TRY IT: Reproduce every record exactly.

SUPPLIED DATA:
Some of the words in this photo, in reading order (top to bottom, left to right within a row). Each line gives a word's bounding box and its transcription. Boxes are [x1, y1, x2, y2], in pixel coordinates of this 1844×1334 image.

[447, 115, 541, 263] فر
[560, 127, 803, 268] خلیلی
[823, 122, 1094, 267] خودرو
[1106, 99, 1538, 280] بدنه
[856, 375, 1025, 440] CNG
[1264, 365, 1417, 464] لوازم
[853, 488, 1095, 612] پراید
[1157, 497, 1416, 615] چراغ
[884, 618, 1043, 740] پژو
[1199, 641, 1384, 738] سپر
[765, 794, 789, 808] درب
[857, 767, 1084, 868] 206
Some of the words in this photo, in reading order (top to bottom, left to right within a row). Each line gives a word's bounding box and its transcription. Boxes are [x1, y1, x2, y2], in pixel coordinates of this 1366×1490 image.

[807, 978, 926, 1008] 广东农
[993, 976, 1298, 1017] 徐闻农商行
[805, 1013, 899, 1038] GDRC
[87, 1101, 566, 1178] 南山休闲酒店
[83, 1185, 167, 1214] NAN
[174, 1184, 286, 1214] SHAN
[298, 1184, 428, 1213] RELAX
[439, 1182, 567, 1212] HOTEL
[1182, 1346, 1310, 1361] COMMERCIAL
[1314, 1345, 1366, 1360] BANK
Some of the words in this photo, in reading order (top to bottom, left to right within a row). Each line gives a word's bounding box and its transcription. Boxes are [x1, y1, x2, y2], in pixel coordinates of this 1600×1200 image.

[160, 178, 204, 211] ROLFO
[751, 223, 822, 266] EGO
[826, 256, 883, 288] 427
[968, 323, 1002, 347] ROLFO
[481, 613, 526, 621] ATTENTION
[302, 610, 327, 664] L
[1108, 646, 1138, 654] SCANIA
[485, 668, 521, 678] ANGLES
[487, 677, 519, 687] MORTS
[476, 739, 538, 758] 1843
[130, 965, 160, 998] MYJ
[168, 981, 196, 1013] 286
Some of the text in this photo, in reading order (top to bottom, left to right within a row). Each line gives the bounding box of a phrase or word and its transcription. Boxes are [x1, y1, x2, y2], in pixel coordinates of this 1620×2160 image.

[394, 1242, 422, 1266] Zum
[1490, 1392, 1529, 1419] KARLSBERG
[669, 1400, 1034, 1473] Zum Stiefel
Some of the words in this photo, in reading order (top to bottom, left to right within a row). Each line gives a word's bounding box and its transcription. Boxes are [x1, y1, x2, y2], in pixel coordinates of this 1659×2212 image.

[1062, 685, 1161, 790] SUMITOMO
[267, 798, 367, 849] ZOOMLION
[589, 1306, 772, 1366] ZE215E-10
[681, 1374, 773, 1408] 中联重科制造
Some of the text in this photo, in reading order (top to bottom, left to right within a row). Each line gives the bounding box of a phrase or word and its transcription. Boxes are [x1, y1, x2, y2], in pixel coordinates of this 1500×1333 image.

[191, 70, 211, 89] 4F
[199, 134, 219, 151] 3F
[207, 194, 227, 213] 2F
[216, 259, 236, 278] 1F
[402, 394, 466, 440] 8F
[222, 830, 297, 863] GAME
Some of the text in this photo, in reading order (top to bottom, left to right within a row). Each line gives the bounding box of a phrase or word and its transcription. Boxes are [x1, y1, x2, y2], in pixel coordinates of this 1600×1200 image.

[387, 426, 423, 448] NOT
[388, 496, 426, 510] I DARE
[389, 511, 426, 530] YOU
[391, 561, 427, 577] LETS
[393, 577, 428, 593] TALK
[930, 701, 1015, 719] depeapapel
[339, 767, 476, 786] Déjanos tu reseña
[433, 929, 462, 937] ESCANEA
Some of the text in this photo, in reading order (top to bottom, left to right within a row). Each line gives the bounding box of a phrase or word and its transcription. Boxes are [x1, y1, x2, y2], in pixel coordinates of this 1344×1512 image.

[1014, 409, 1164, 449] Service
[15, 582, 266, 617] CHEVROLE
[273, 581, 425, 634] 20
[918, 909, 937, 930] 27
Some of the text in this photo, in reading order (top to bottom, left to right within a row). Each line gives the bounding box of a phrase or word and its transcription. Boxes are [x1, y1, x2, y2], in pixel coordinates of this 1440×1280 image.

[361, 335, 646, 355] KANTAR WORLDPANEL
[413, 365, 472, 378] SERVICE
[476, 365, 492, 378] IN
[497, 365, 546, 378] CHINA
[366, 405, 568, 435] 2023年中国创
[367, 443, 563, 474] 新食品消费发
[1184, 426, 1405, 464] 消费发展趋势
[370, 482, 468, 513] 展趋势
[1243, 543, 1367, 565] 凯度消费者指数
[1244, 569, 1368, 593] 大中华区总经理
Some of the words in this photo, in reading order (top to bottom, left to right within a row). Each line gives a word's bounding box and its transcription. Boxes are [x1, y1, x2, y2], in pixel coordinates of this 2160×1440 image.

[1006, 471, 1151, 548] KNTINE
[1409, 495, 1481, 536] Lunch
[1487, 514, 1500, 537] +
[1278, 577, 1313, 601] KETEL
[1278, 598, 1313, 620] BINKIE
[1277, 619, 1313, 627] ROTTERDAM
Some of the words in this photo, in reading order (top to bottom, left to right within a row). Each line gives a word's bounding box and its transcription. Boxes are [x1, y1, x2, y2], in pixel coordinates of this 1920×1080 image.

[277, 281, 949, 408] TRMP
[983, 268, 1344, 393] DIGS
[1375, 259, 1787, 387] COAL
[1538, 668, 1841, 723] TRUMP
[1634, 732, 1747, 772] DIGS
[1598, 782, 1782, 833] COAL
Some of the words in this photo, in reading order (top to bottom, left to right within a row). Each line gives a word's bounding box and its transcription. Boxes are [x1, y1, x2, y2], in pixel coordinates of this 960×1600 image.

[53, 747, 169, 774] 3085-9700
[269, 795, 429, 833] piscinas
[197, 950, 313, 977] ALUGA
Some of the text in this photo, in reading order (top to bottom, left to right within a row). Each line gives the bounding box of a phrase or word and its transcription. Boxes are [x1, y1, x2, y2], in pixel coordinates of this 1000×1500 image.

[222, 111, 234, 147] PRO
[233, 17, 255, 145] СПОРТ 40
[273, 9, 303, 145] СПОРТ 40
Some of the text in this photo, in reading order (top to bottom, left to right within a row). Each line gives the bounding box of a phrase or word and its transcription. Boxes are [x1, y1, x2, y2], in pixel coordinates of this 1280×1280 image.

REPLY:
Some of the words in this photo, in reading order (top to bottom, left to right within a row). Each line gives a word's bounding box and its transcription. Boxes are [x1, y1, x2, y2], in pixel coordinates of this 1844×1334 image.

[447, 115, 541, 263] فر
[560, 127, 803, 268] خلیلی
[823, 122, 1094, 267] خودرو
[1106, 99, 1538, 280] بدنه
[856, 375, 1025, 440] CNG
[1264, 365, 1417, 464] لوازم
[853, 488, 1095, 612] پراید
[1157, 497, 1416, 615] چراغ
[884, 618, 1043, 740] پژو
[1199, 641, 1384, 738] سپر
[765, 794, 789, 808] درب
[857, 767, 1084, 868] 206
Some of the words in this photo, in reading order (top to bottom, left to right within a row). Each line gives a word's bounding box and its transcription. Boxes are [x1, y1, x2, y2], in pixel coordinates of this 1366×1490 image.

[807, 978, 926, 1008] 广东农
[993, 976, 1298, 1017] 徐闻农商行
[805, 1013, 899, 1038] GDRC
[87, 1101, 566, 1178] 南山休闲酒店
[83, 1185, 167, 1214] NAN
[174, 1184, 286, 1214] SHAN
[298, 1184, 428, 1213] RELAX
[439, 1182, 567, 1212] HOTEL
[1182, 1346, 1310, 1361] COMMERCIAL
[1314, 1345, 1366, 1360] BANK
Some of the words in this photo, in reading order (top to bottom, left to right within a row). Each line gives a word's bounding box and its transcription. Boxes are [x1, y1, x2, y2], in pixel coordinates of this 1600×1200 image.

[160, 178, 204, 211] ROLFO
[751, 223, 822, 266] EGO
[826, 256, 883, 288] 427
[968, 323, 1002, 347] ROLFO
[481, 613, 526, 621] ATTENTION
[302, 610, 327, 664] L
[1108, 646, 1138, 654] SCANIA
[485, 668, 521, 678] ANGLES
[487, 677, 519, 687] MORTS
[476, 739, 538, 758] 1843
[130, 965, 160, 998] MYJ
[168, 981, 196, 1013] 286
Some of the text in this photo, in reading order (top to bottom, left to right within a row). Each line gives the bounding box of a phrase or word and its transcription. Boxes are [x1, y1, x2, y2], in pixel coordinates of this 1620×2160 image.

[394, 1242, 422, 1266] Zum
[1490, 1392, 1529, 1419] KARLSBERG
[669, 1400, 1034, 1473] Zum Stiefel
Some of the words in this photo, in reading order (top to bottom, left to right within a row). Each line gives a word's bounding box and its transcription. Boxes are [x1, y1, x2, y2], in pixel coordinates of this 1659×2212 image.

[1062, 685, 1161, 790] SUMITOMO
[267, 798, 367, 849] ZOOMLION
[589, 1306, 772, 1366] ZE215E-10
[681, 1374, 773, 1408] 中联重科制造
Some of the text in this photo, in reading order (top to bottom, left to right within a row). Each line gives the bounding box of a phrase or word and its transcription. Boxes are [x1, y1, x2, y2], in pixel coordinates of this 1500×1333 image.

[191, 70, 211, 89] 4F
[199, 134, 219, 151] 3F
[207, 194, 227, 213] 2F
[216, 259, 236, 278] 1F
[402, 394, 466, 440] 8F
[222, 830, 297, 863] GAME
Some of the text in this photo, in reading order (top to bottom, left to right within a row). Each line gives the bounding box of a phrase or word and its transcription. Boxes are [x1, y1, x2, y2], in pixel coordinates of this 1600×1200 image.

[387, 426, 423, 448] NOT
[388, 496, 426, 510] I DARE
[389, 511, 426, 530] YOU
[391, 561, 427, 577] LETS
[393, 577, 428, 593] TALK
[930, 701, 1015, 719] depeapapel
[339, 767, 476, 786] Déjanos tu reseña
[433, 929, 462, 937] ESCANEA
Some of the text in this photo, in reading order (top to bottom, left to right within a row). Each line gives the bounding box of a phrase or word and its transcription. Boxes are [x1, y1, x2, y2], in pixel coordinates of this 1344×1512 image.

[1014, 409, 1164, 449] Service
[15, 582, 266, 617] CHEVROLE
[273, 581, 425, 634] 20
[918, 909, 937, 930] 27
Some of the text in this photo, in reading order (top to bottom, left to right within a row). Each line gives the bounding box of a phrase or word and its transcription. Boxes are [x1, y1, x2, y2], in pixel coordinates of this 1440×1280 image.

[361, 335, 646, 355] KANTAR WORLDPANEL
[413, 365, 472, 378] SERVICE
[476, 365, 492, 378] IN
[497, 365, 546, 378] CHINA
[366, 405, 568, 435] 2023年中国创
[367, 443, 563, 474] 新食品消费发
[1184, 426, 1405, 464] 消费发展趋势
[370, 482, 468, 513] 展趋势
[1243, 543, 1367, 565] 凯度消费者指数
[1244, 569, 1368, 593] 大中华区总经理
Some of the words in this photo, in reading order (top to bottom, left to right within a row). Each line gives a word's bounding box and its transcription. Boxes are [x1, y1, x2, y2], in pixel coordinates of this 2160×1440 image.

[1006, 471, 1151, 548] KNTINE
[1409, 495, 1481, 536] Lunch
[1487, 514, 1500, 537] +
[1278, 577, 1313, 601] KETEL
[1278, 598, 1313, 620] BINKIE
[1277, 619, 1313, 627] ROTTERDAM
Some of the words in this photo, in reading order (top to bottom, left to right within a row). Each line gives a word's bounding box and its transcription. Boxes are [x1, y1, x2, y2], in pixel coordinates of this 1920×1080 image.

[277, 281, 949, 408] TRMP
[983, 268, 1344, 393] DIGS
[1375, 259, 1787, 387] COAL
[1538, 668, 1841, 723] TRUMP
[1634, 732, 1747, 772] DIGS
[1598, 782, 1782, 833] COAL
Some of the words in this photo, in reading order (top to bottom, left to right within a row). Each line gives a word's bounding box and its transcription. Boxes are [x1, y1, x2, y2], in pixel coordinates of this 960×1600 image.

[53, 747, 169, 774] 3085-9700
[269, 795, 429, 833] piscinas
[197, 950, 313, 977] ALUGA
Some of the text in this photo, in reading order (top to bottom, left to right within a row). Each line gives the bounding box of a phrase or word and its transcription. Boxes are [x1, y1, x2, y2], in pixel coordinates of this 1000×1500 image.

[222, 111, 234, 147] PRO
[233, 17, 255, 145] СПОРТ 40
[273, 9, 303, 145] СПОРТ 40
Some of the text in this photo, in reading order (top to bottom, left to right within a row). Each line gives the bounding box of a phrase or word and its transcription. Boxes are [x1, y1, x2, y2], in pixel coordinates of this 1280×1280 image.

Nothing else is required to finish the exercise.